> [DATASET ENTRIES]

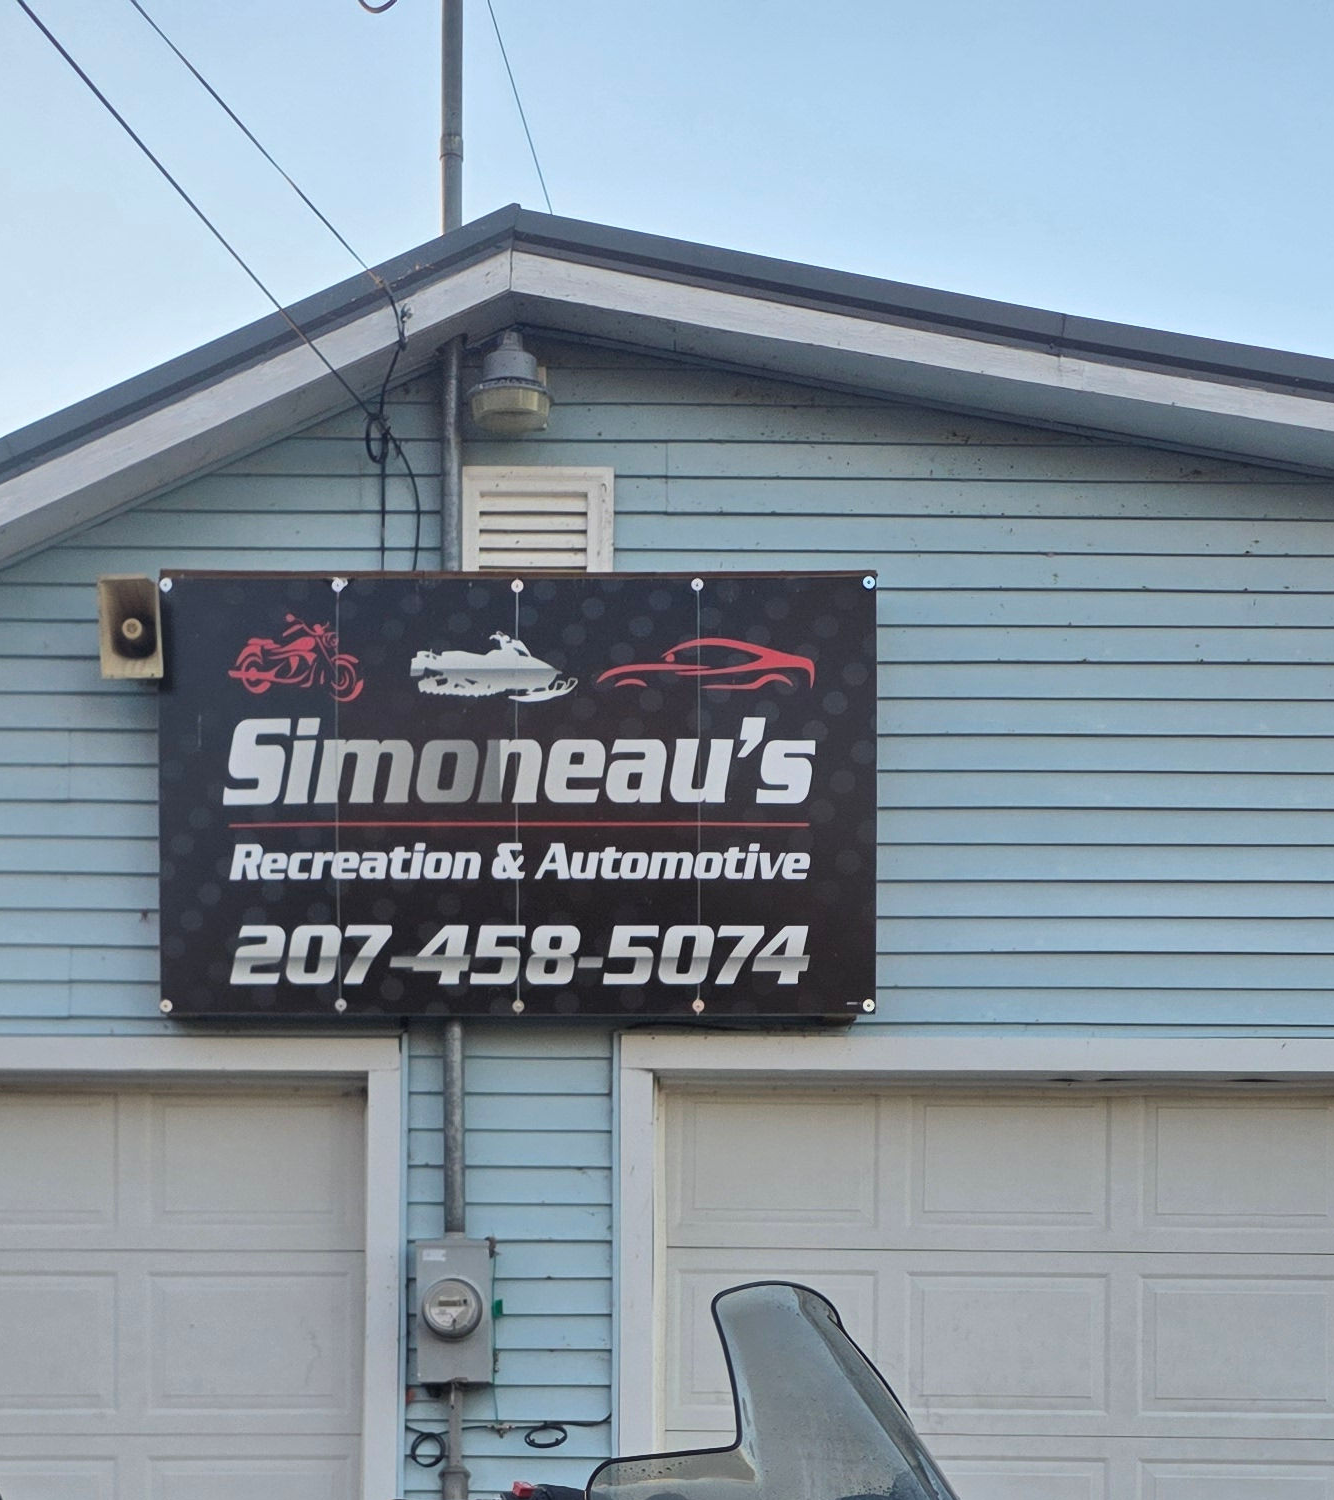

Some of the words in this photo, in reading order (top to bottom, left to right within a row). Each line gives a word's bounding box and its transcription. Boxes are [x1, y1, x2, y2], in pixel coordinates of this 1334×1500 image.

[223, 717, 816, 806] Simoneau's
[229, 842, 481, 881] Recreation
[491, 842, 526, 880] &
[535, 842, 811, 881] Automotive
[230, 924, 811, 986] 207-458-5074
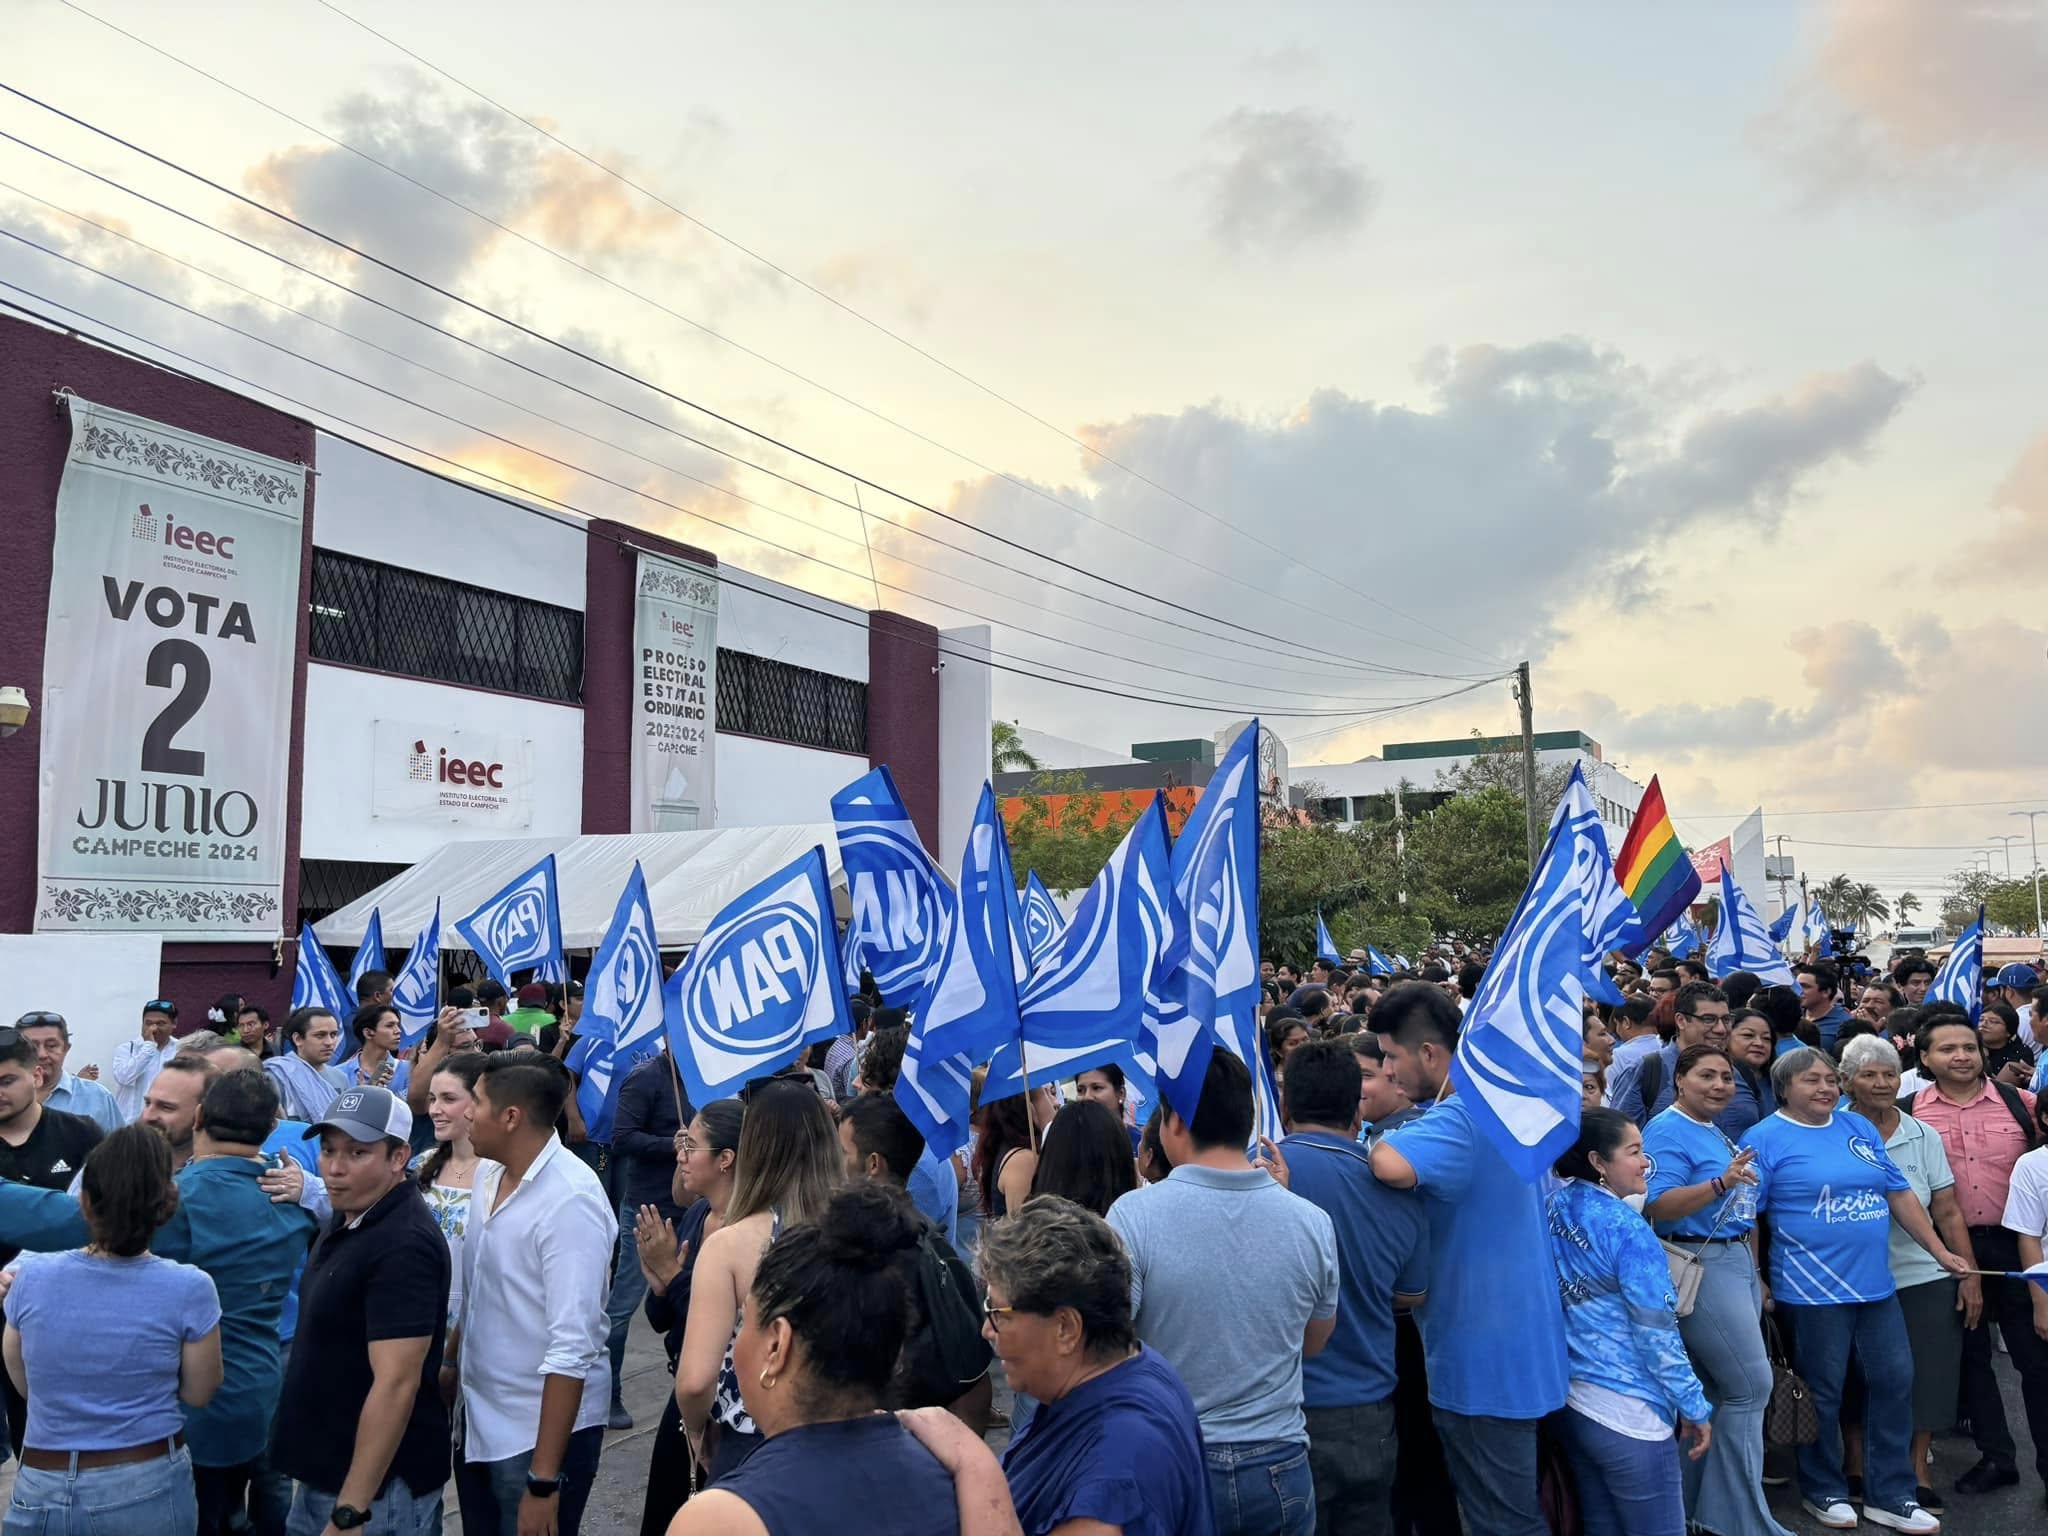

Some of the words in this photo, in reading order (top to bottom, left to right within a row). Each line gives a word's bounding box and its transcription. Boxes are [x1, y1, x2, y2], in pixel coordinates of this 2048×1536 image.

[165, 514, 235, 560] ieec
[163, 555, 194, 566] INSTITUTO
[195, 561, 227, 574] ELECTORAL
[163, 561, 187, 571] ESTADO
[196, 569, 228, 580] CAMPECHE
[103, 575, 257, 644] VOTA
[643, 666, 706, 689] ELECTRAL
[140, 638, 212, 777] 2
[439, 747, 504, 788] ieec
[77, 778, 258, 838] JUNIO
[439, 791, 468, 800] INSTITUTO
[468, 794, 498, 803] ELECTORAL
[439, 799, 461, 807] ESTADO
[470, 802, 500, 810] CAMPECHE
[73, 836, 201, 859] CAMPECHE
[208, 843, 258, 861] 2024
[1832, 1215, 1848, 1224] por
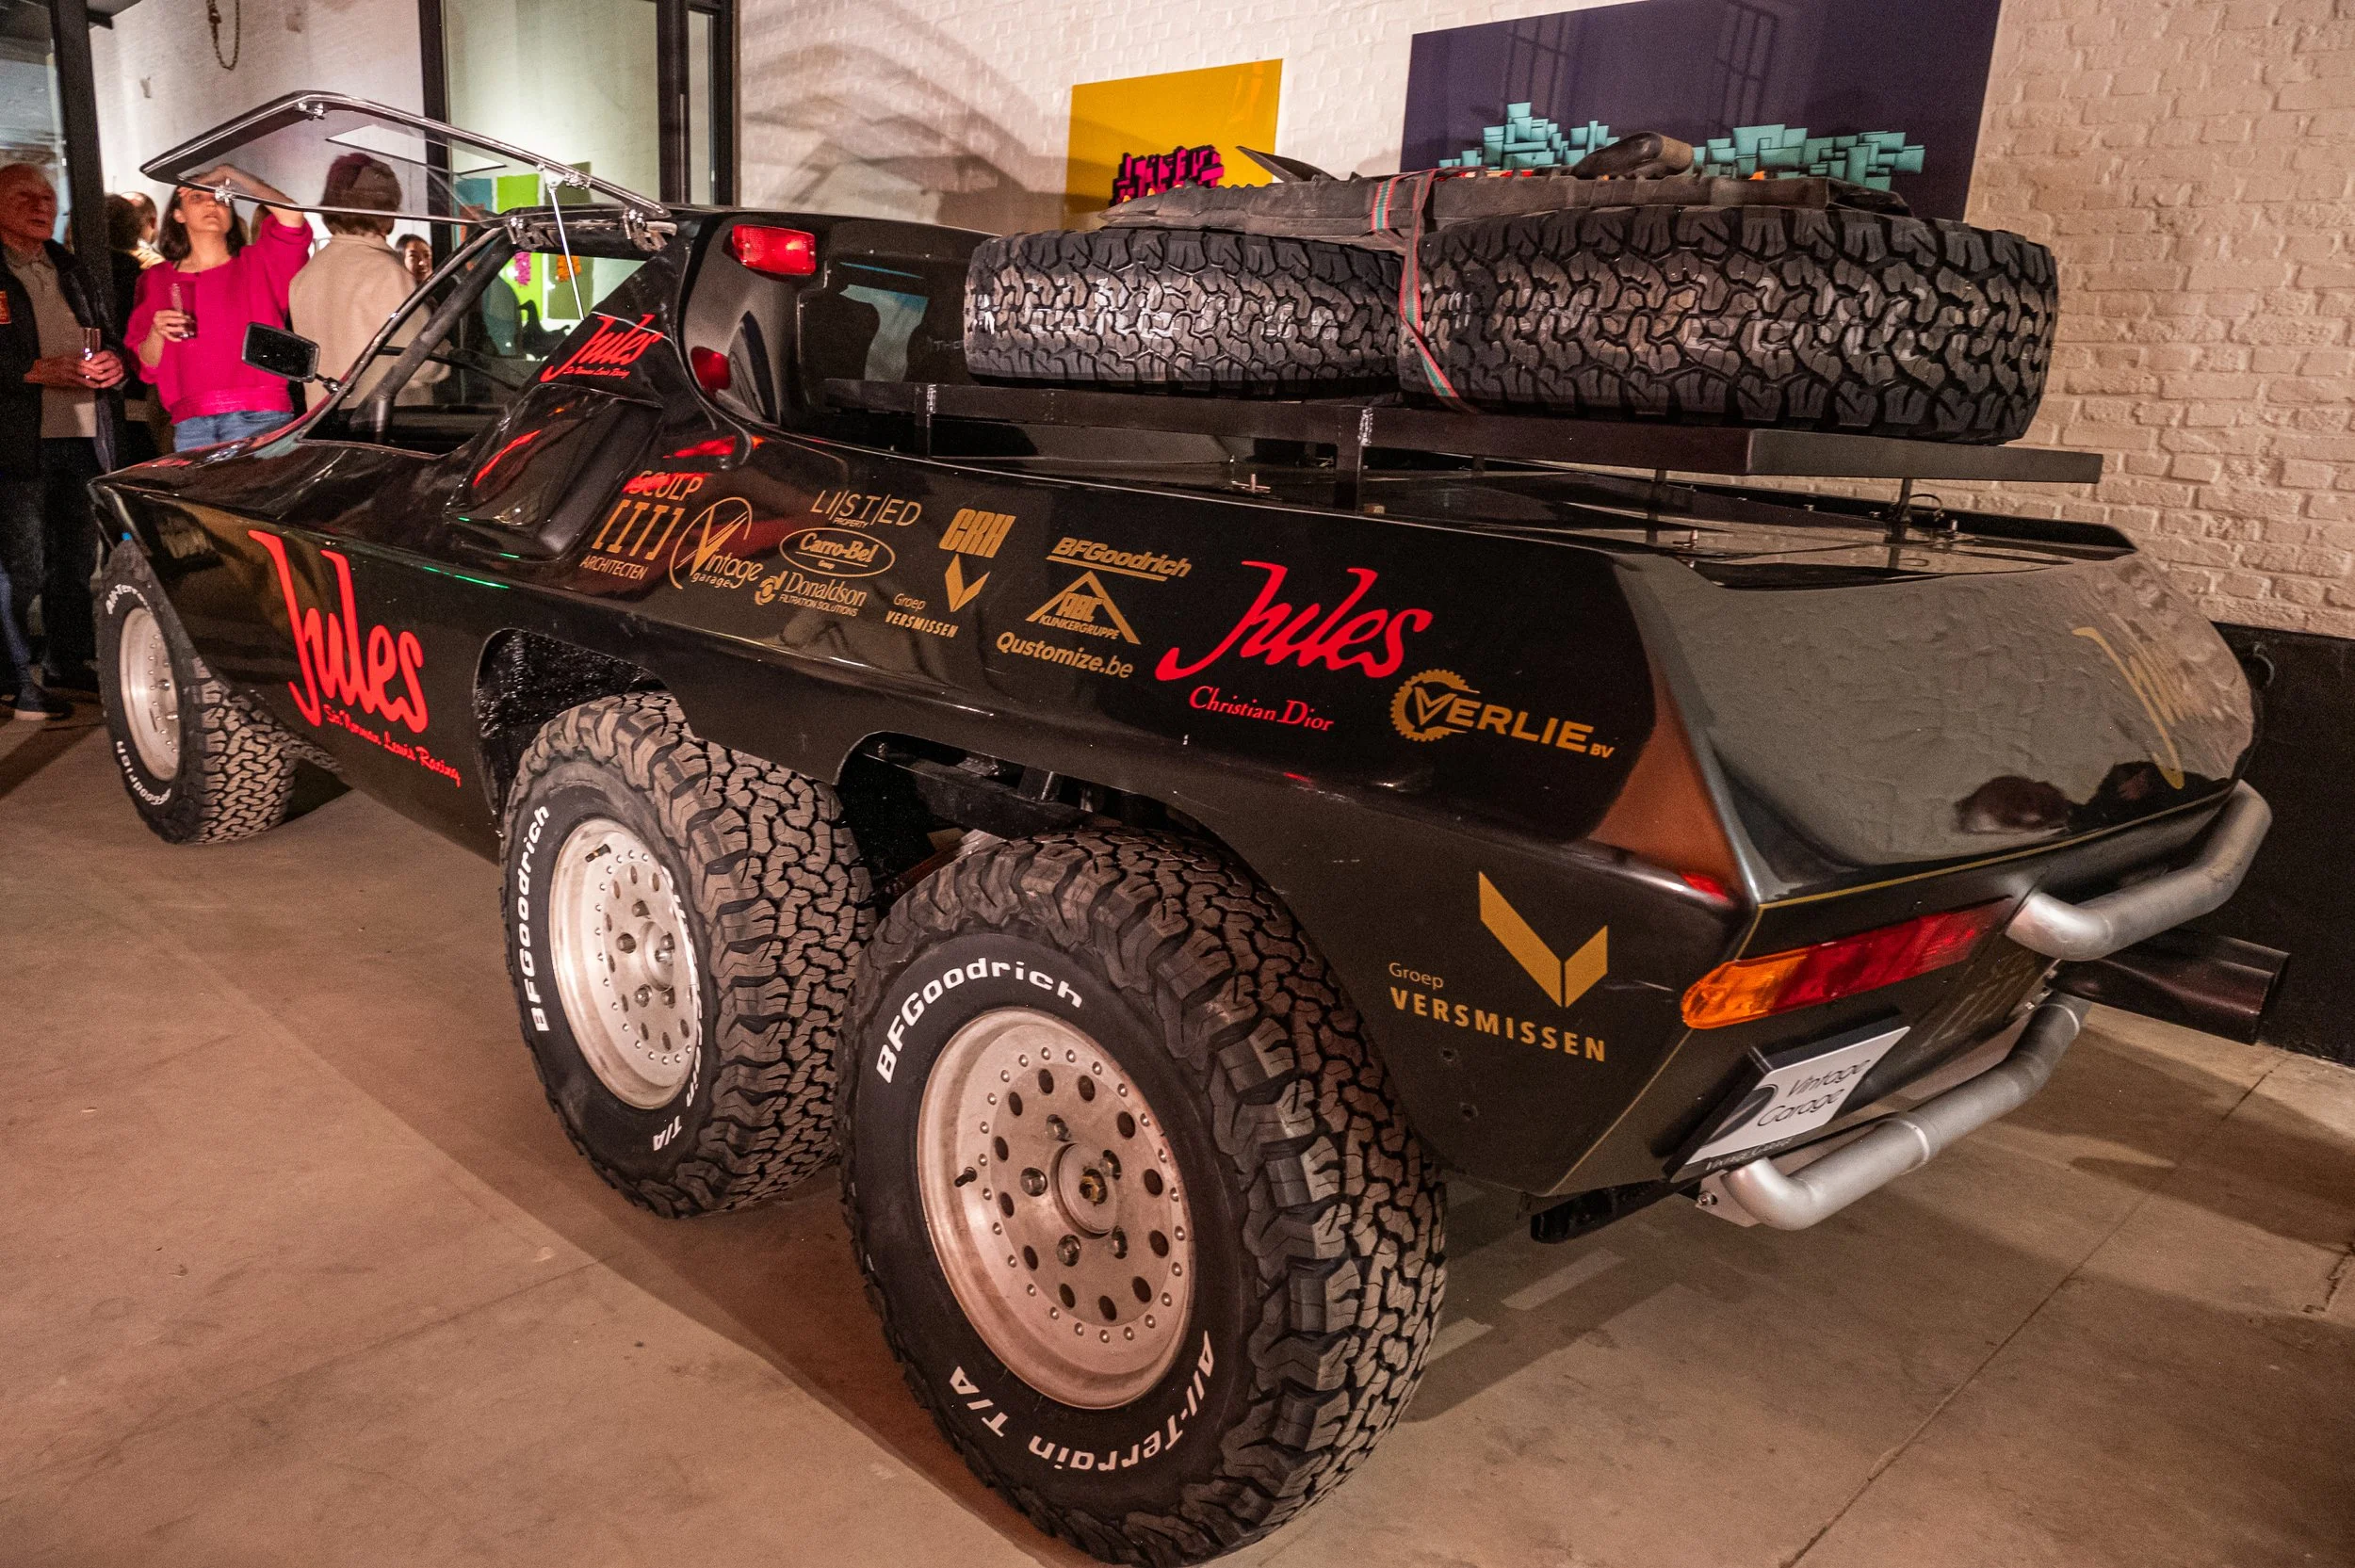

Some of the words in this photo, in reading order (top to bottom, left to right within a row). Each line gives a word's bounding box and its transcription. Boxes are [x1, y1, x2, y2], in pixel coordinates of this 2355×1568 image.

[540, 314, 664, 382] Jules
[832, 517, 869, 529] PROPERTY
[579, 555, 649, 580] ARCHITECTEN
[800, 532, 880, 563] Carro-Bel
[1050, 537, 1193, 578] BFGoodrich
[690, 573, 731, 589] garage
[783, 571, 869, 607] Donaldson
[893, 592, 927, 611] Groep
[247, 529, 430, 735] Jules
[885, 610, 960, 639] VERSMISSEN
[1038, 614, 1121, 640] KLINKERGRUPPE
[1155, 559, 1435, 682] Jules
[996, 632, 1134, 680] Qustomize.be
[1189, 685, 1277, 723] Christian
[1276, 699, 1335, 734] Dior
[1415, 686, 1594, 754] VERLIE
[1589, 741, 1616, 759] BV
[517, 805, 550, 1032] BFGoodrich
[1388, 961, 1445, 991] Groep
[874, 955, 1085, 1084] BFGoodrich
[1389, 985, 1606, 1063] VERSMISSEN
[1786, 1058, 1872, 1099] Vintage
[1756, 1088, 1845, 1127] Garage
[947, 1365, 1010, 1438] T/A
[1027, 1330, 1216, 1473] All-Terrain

> [PROBLEM TO SOLVE]
Return the listing above word for word, with the pictures removed.

> [OUTPUT FOR THIS EXERCISE]
Some of the words in this photo, in reading order (top to bottom, left to right within a row). Each line gives a word's bounding box and its transcription. Boxes are [x1, y1, x2, y2], in pixel coordinates of this 1334×1500 image.

[223, 717, 816, 806] Simoneau's
[229, 842, 481, 881] Recreation
[491, 842, 526, 880] &
[535, 842, 811, 881] Automotive
[230, 924, 811, 986] 207-458-5074

Some of the words in this photo, in reading order (top to bottom, left to right within a row). Each line gives a word's bounding box and its transcription. Boxes are [x1, y1, x2, y2], in pixel coordinates of this 2048×1536 image.

[165, 514, 235, 560] ieec
[163, 555, 194, 566] INSTITUTO
[195, 561, 227, 574] ELECTORAL
[163, 561, 187, 571] ESTADO
[196, 569, 228, 580] CAMPECHE
[103, 575, 257, 644] VOTA
[643, 666, 706, 689] ELECTRAL
[140, 638, 212, 777] 2
[439, 747, 504, 788] ieec
[77, 778, 258, 838] JUNIO
[439, 791, 468, 800] INSTITUTO
[468, 794, 498, 803] ELECTORAL
[439, 799, 461, 807] ESTADO
[470, 802, 500, 810] CAMPECHE
[73, 836, 201, 859] CAMPECHE
[208, 843, 258, 861] 2024
[1832, 1215, 1848, 1224] por

Some of the words in this photo, in reading order (top to bottom, left to right within a row). Each line gives a word's bounding box and its transcription. Boxes are [x1, y1, x2, y2], in pixel coordinates of this 2355×1568 image.

[540, 314, 664, 382] Jules
[832, 517, 869, 529] PROPERTY
[579, 555, 649, 580] ARCHITECTEN
[800, 532, 880, 563] Carro-Bel
[1050, 537, 1193, 578] BFGoodrich
[690, 573, 731, 589] garage
[783, 571, 869, 607] Donaldson
[893, 592, 927, 611] Groep
[247, 529, 430, 735] Jules
[885, 610, 960, 639] VERSMISSEN
[1038, 614, 1121, 640] KLINKERGRUPPE
[1155, 559, 1435, 682] Jules
[996, 632, 1134, 680] Qustomize.be
[1189, 685, 1277, 723] Christian
[1276, 699, 1335, 734] Dior
[1415, 686, 1594, 754] VERLIE
[1589, 741, 1616, 759] BV
[517, 805, 550, 1032] BFGoodrich
[1388, 961, 1445, 991] Groep
[874, 955, 1085, 1084] BFGoodrich
[1389, 985, 1606, 1063] VERSMISSEN
[1786, 1058, 1872, 1099] Vintage
[1756, 1088, 1845, 1127] Garage
[947, 1365, 1010, 1438] T/A
[1027, 1330, 1216, 1473] All-Terrain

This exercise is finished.